Retype the records below so that each one matches exactly.

-------------------------

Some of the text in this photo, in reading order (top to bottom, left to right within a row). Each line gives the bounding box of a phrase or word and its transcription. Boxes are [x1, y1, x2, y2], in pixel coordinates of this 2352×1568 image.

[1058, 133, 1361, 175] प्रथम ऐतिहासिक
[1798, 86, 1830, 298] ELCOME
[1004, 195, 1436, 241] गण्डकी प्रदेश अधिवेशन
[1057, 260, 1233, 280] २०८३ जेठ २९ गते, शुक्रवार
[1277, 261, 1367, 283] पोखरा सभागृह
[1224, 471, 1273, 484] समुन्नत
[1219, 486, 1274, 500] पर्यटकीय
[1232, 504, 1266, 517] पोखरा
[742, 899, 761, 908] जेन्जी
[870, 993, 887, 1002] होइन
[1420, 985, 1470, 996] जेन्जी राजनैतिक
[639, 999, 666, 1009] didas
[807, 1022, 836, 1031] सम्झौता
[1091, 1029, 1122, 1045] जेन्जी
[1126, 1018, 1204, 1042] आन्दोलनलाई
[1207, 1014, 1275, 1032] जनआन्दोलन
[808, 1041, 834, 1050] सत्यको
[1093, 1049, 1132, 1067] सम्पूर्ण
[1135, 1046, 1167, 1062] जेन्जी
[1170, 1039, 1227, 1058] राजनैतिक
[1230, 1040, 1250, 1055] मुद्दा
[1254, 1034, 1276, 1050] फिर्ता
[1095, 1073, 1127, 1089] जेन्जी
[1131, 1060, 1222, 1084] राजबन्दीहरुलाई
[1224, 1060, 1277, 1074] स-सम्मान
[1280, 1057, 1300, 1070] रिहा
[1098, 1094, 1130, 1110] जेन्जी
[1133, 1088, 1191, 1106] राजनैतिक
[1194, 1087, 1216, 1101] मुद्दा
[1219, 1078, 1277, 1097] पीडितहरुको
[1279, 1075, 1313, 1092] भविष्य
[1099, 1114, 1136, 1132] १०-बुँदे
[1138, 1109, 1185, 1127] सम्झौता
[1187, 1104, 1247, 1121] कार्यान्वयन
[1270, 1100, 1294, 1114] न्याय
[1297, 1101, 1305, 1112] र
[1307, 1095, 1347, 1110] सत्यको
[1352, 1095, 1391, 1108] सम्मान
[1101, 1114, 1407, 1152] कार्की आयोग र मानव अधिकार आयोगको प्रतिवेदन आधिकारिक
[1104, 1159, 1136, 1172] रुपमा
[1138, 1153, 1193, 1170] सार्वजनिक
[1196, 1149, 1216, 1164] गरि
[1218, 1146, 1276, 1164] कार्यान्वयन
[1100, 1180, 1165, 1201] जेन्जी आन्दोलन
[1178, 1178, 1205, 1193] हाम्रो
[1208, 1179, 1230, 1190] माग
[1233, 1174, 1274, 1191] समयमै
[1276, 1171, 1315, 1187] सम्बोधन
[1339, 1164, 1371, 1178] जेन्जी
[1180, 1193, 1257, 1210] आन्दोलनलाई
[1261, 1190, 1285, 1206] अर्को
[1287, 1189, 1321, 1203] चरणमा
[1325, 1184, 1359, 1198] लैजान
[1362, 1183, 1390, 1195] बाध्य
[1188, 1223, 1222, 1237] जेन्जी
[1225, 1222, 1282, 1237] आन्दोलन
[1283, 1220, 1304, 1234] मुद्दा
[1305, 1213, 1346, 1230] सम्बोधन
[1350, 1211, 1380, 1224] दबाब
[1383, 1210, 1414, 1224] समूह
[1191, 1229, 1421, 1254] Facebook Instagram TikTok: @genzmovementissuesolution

-------------------------

### Written response
Some of the text in this photo, in reading order (top to bottom, left to right within a row). Each line gives the bounding box of a phrase or word and its transcription. Boxes are [x1, y1, x2, y2], in pixel coordinates of this 2352×1568 image.

[1058, 133, 1361, 175] प्रथम ऐतिहासिक
[1798, 86, 1830, 298] ELCOME
[1004, 195, 1436, 241] गण्डकी प्रदेश अधिवेशन
[1057, 260, 1233, 280] २०८३ जेठ २९ गते, शुक्रवार
[1277, 261, 1367, 283] पोखरा सभागृह
[1224, 471, 1273, 484] समुन्नत
[1219, 486, 1274, 500] पर्यटकीय
[1232, 504, 1266, 517] पोखरा
[742, 899, 761, 908] जेन्जी
[870, 993, 887, 1002] होइन
[1420, 985, 1470, 996] जेन्जी राजनैतिक
[639, 999, 666, 1009] didas
[807, 1022, 836, 1031] सम्झौता
[1091, 1029, 1122, 1045] जेन्जी
[1126, 1018, 1204, 1042] आन्दोलनलाई
[1207, 1014, 1275, 1032] जनआन्दोलन
[808, 1041, 834, 1050] सत्यको
[1093, 1049, 1132, 1067] सम्पूर्ण
[1135, 1046, 1167, 1062] जेन्जी
[1170, 1039, 1227, 1058] राजनैतिक
[1230, 1040, 1250, 1055] मुद्दा
[1254, 1034, 1276, 1050] फिर्ता
[1095, 1073, 1127, 1089] जेन्जी
[1131, 1060, 1222, 1084] राजबन्दीहरुलाई
[1224, 1060, 1277, 1074] स-सम्मान
[1280, 1057, 1300, 1070] रिहा
[1098, 1094, 1130, 1110] जेन्जी
[1133, 1088, 1191, 1106] राजनैतिक
[1194, 1087, 1216, 1101] मुद्दा
[1219, 1078, 1277, 1097] पीडितहरुको
[1279, 1075, 1313, 1092] भविष्य
[1099, 1114, 1136, 1132] १०-बुँदे
[1138, 1109, 1185, 1127] सम्झौता
[1187, 1104, 1247, 1121] कार्यान्वयन
[1270, 1100, 1294, 1114] न्याय
[1297, 1101, 1305, 1112] र
[1307, 1095, 1347, 1110] सत्यको
[1352, 1095, 1391, 1108] सम्मान
[1101, 1114, 1407, 1152] कार्की आयोग र मानव अधिकार आयोगको प्रतिवेदन आधिकारिक
[1104, 1159, 1136, 1172] रुपमा
[1138, 1153, 1193, 1170] सार्वजनिक
[1196, 1149, 1216, 1164] गरि
[1218, 1146, 1276, 1164] कार्यान्वयन
[1100, 1180, 1165, 1201] जेन्जी आन्दोलन
[1178, 1178, 1205, 1193] हाम्रो
[1208, 1179, 1230, 1190] माग
[1233, 1174, 1274, 1191] समयमै
[1276, 1171, 1315, 1187] सम्बोधन
[1339, 1164, 1371, 1178] जेन्जी
[1180, 1193, 1257, 1210] आन्दोलनलाई
[1261, 1190, 1285, 1206] अर्को
[1287, 1189, 1321, 1203] चरणमा
[1325, 1184, 1359, 1198] लैजान
[1362, 1183, 1390, 1195] बाध्य
[1188, 1223, 1222, 1237] जेन्जी
[1225, 1222, 1282, 1237] आन्दोलन
[1283, 1220, 1304, 1234] मुद्दा
[1305, 1213, 1346, 1230] सम्बोधन
[1350, 1211, 1380, 1224] दबाब
[1383, 1210, 1414, 1224] समूह
[1191, 1229, 1421, 1254] Facebook Instagram TikTok: @genzmovementissuesolution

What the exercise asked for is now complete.